There, we introduced the idea of literal number.

We also explained the basic operations like addition,
subtraction, multiplication and division on literal numbers.

We also Explained about Algebraic Expression.
We saw with examples, how to find the value of
an Algebraic Expression by substituting the given
values to the variables involved.

That knowledge is a prerequisite here.

Here, we consider an Algebraic Expression with "=" symbol.

We also discuss the set of values, the variable(s)
can take (replacement set) and the values out of
the replacement set that make the algebraic expression
equal to the R.H.S. of the "=" symbol.

Equation : Math Equations

Before answering the question what is an equation ?
we need to know about certain terminology.

Mathematical Sentence : Math Equations

We have seen that the combination of terms, obtained by the
operation of '+' or '-' or both is called an Algebraic Expression.

If the terms are only numerical (without literals),
the expression is called numerical expression.
e.g. 9 + 4, 6 - 3, 15 + 7 - 2, are numerical expressions.

If a numerical expression and a number or two numerical expressions are joined or connected by ' is equal to' ( = ) or 'is greater than' ( > ) or 'is less than' ( < ) etc, they are called Mathematical Sentences.

Mathematical Statement : Math Equations

Some mathematical sentences are given below.

(i) 8 + 7 = 15. (ii) 9 + 4 > 14 (iii) 16 + 12 < 30 (iv) 3 + 7 ≠ 10

Each of the above sentences can be verified as either true or false.

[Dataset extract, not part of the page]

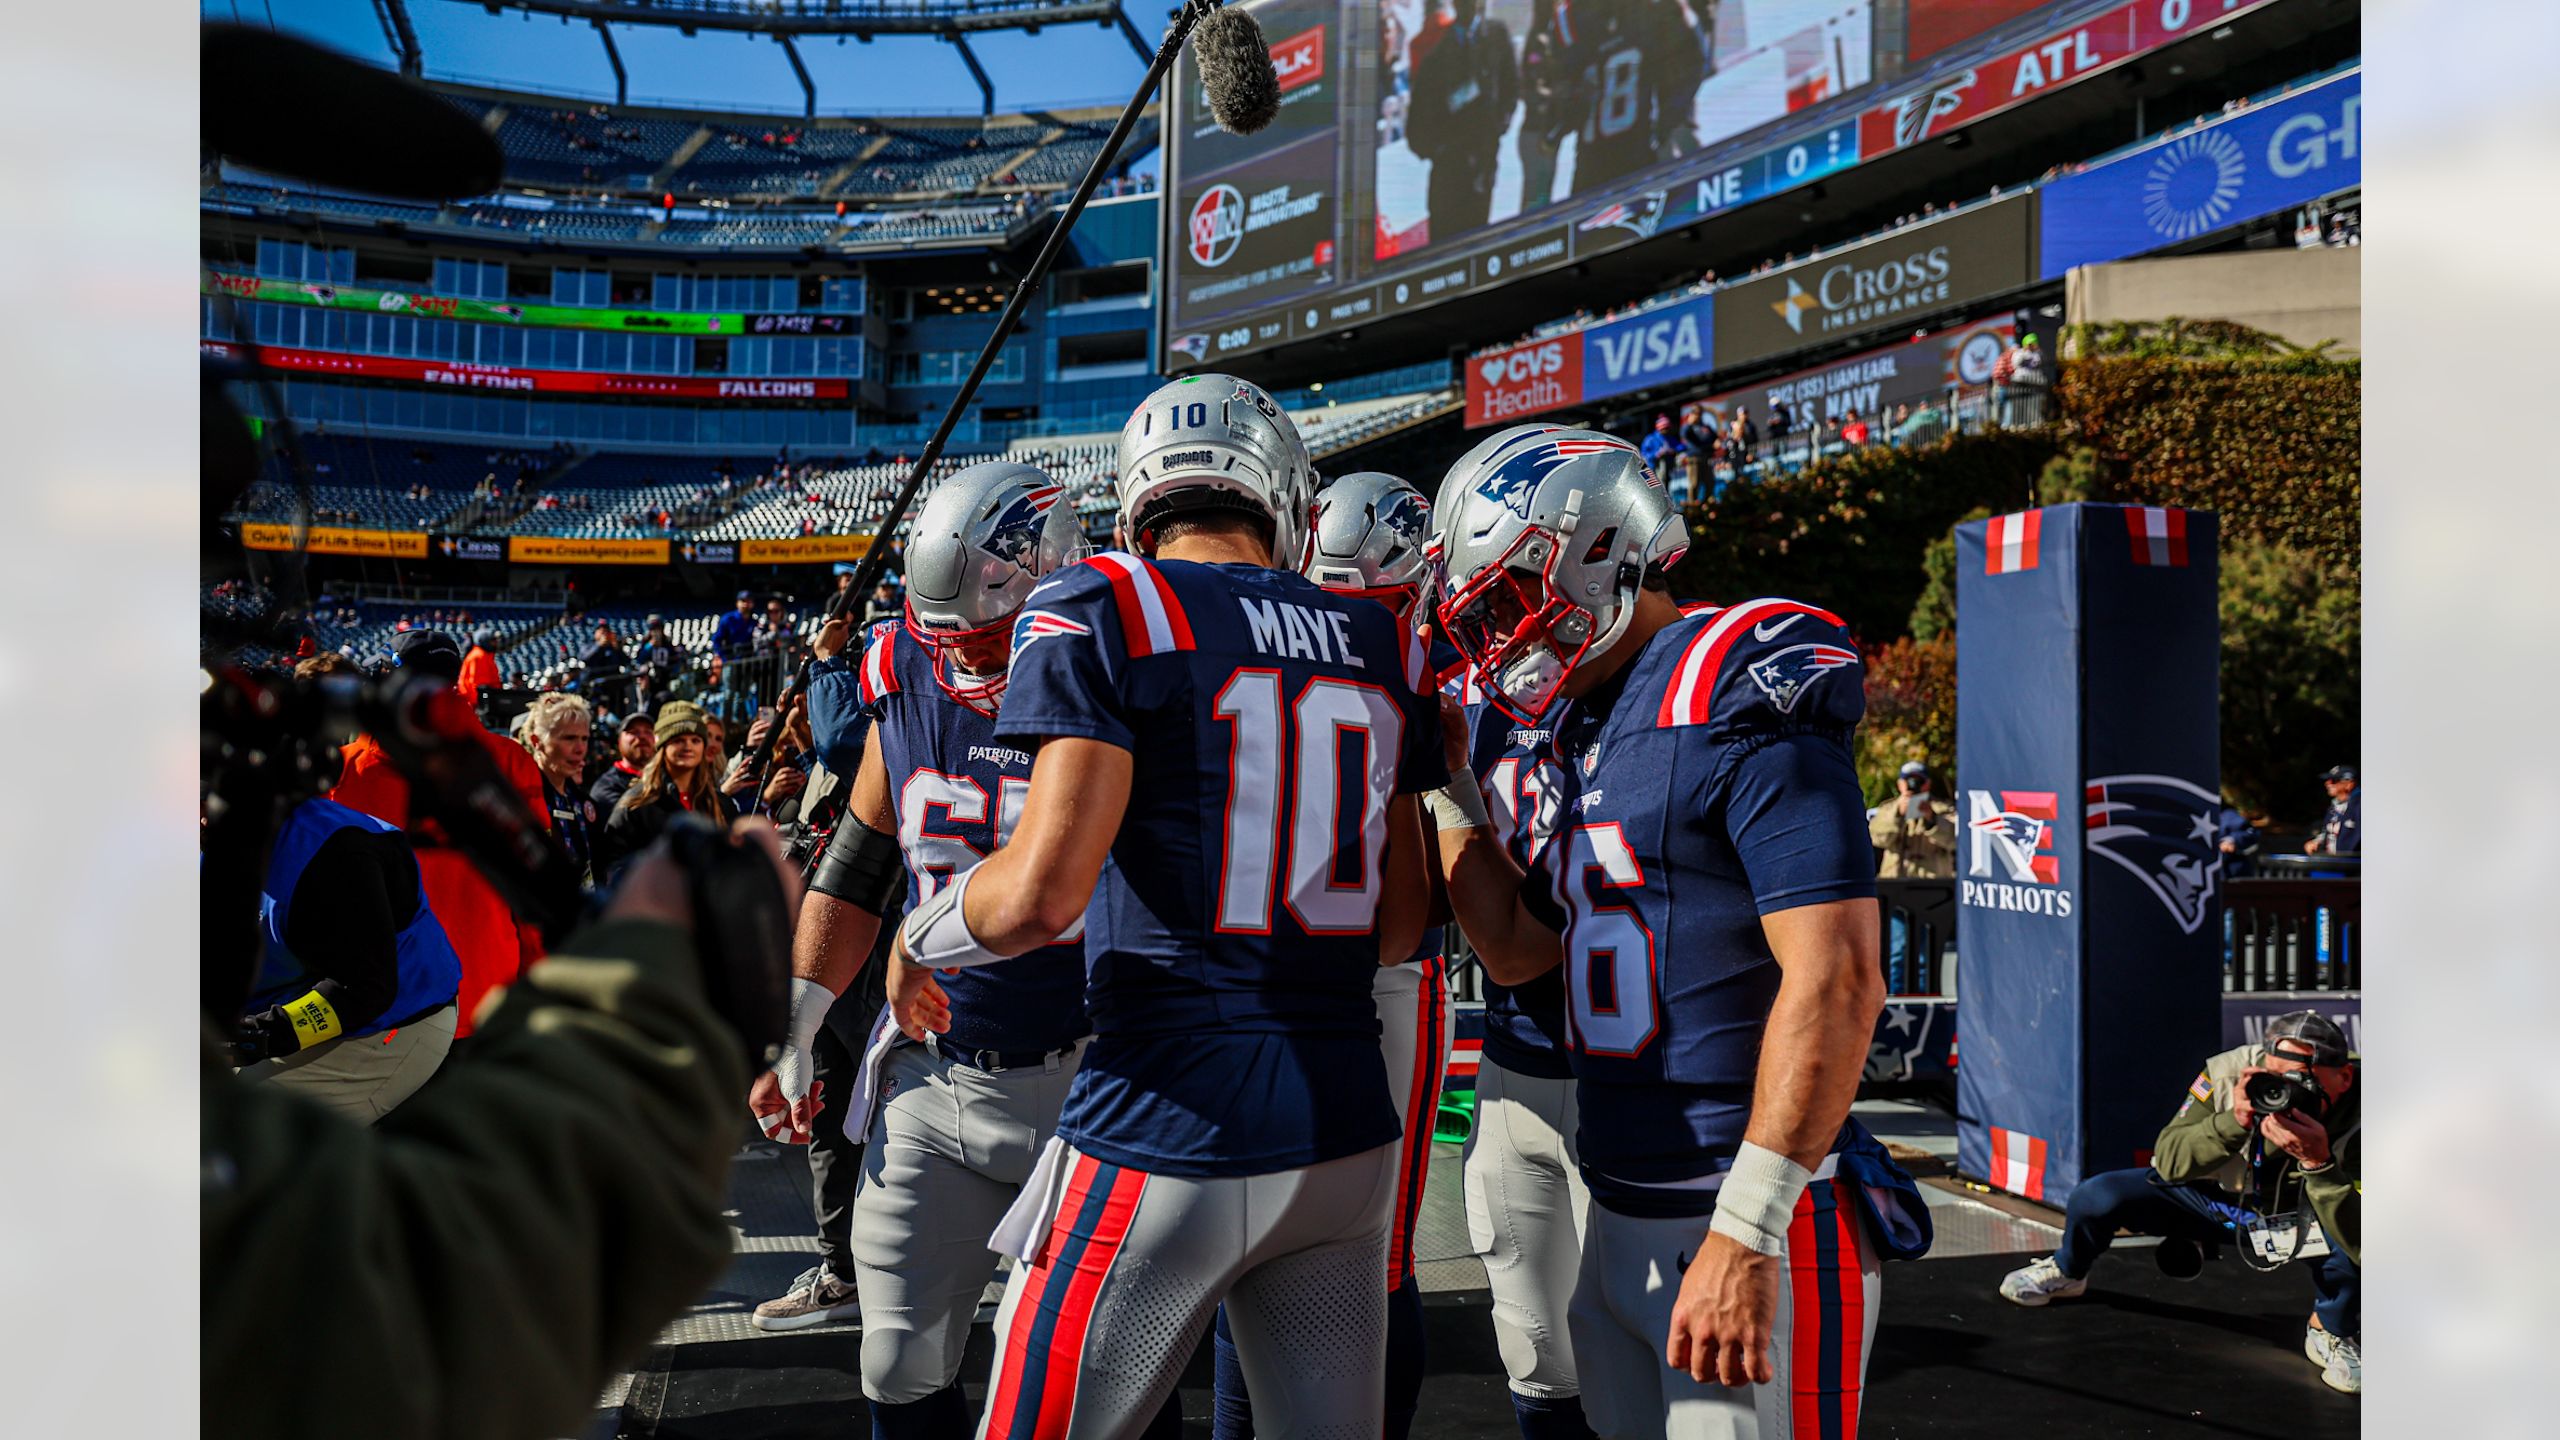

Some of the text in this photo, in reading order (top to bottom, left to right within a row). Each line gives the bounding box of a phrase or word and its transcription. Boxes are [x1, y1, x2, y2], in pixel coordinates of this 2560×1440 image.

You can see Sentences (i) and (iii) are true and
Sentences (ii) and (iv) are false.

A Mathematical Sentence that can be verified as either true or false but not both is called a Mathematical Statement.

All the four examples given above are Mathematical Statements.

Equality : Math Equations

A true mathematical statement containing the sign ' is equal to' ( = ) is called an Equality.

In the above examples, example (i) is an equality.

Open Sentence : Math Equations

So far we have seen Numerical Expressions joined by
' is equal to' ( = ) or 'is greater than' ( > ) or 'is less than' ( < ) etc,
and called them Mathematical Sentences.

Now consider Sentences in which Algebraic Expressions
with literals (variables) connected by
' is equal to' ( = ) or 'is greater than' ( > ) or 'is less than' ( < ) etc.

What to call them?

The sentences containing variables depend upon the value of the
variable for their truth or falsity.

Such sentences may be true for particular
value(s) of the varaible and false for others.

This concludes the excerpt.